I have written something like this to wrap them:

namespace detail {
#define ATAN2_FN(suffix, type)                                       \
    auto _atan2(type const x, type const y) noexcept->type           \
    {                                                                \
        return __svml_atan2##suffix(x, y);                           \
    }                                                                \
    EXPECTING_SEMICOLON

#if defined(Vc_HAVE_FULL_SSE_ABI)
    ATAN2_FN(f4, __m128);
    ATAN2_FN(2, __m128d);
#endif // Vc_HAVE_FULL_SSE_ABI

#if defined(Vc_HAVE_FULL_AVX_ABI)
    ATAN2_FN(f8, __m256);
    ATAN2_FN(4, __m256d);
#endif // Vc_HAVE_FULL_AVX_ABI

#if defined(Vc_HAVE_FULL_AVX512_ABI)
    ATAN2_FN(f16, __m512);
    ATAN2_FN(8, __m512d);
#endif // Vc_HAVE_FULL_AVX512_ABI
#undef ATAN2_FN
} // namespace detail

template <class T, class Abi>
auto _atan2(Vc::simd<T, Abi> const x,
    Vc::simd<T, Abi> const y) noexcept -> Vc::simd<T, Abi>
{
    return Vc::simd<T, Abi>{
        detail::_atan2(Vc::detail::data(x), Vc::detail::data(y))};
}

Question 1

I'm concerned about the use of Vc::detail::data.
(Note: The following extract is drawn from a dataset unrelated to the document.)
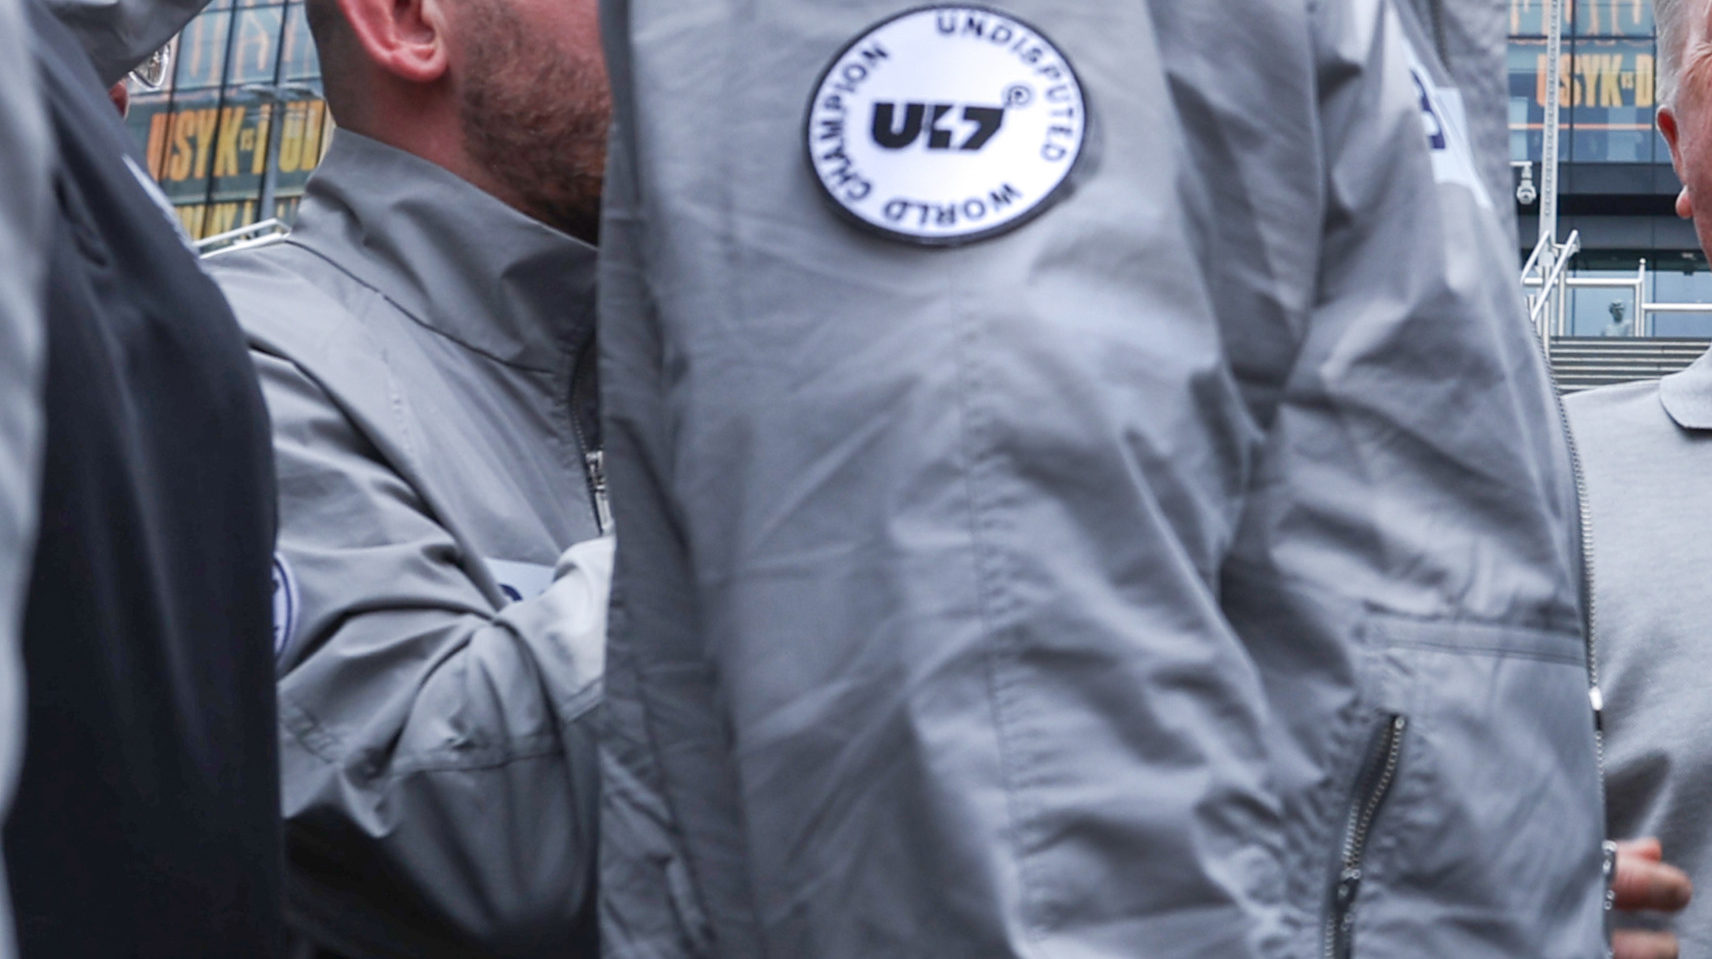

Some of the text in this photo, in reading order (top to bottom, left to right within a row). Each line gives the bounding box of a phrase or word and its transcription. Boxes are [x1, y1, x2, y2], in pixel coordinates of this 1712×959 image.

[146, 106, 246, 182] USYK
[819, 11, 1074, 226] UNDISPUTED WORLD CHAMPION
Seeing as it's in the detail namespace, I'm probably not supposed to use it. But then what's the correct way to get the underlying vector that I can feed to an intrinsic?

Question 2

And a related situation: consider an intrinsic that expects an __mmask8 or an __mmask16. How can I convert Vc::simd_mask to it?

Thanks in advance!

mattkretz commented 6 years ago

Q1

Yes, don't use anything from the detail namespace unless you are prepared for the breakage from changes to Vc. What you want is static_cast<__m128>(simd<float, sse>). I.e. every simd<T, Abi> can be cast to/from implementation-defined types. In case of sse, avx, and avx512 in Vc, you can cast to the corresponding Intel intrinsics. The fixed_size types can be cast to/from std::array<T, N>.

Q2

Same as for simd, you can simply static_cast. Also note that Vc has an extension to P0214 with the member function to_bitset and static member function from_bitset.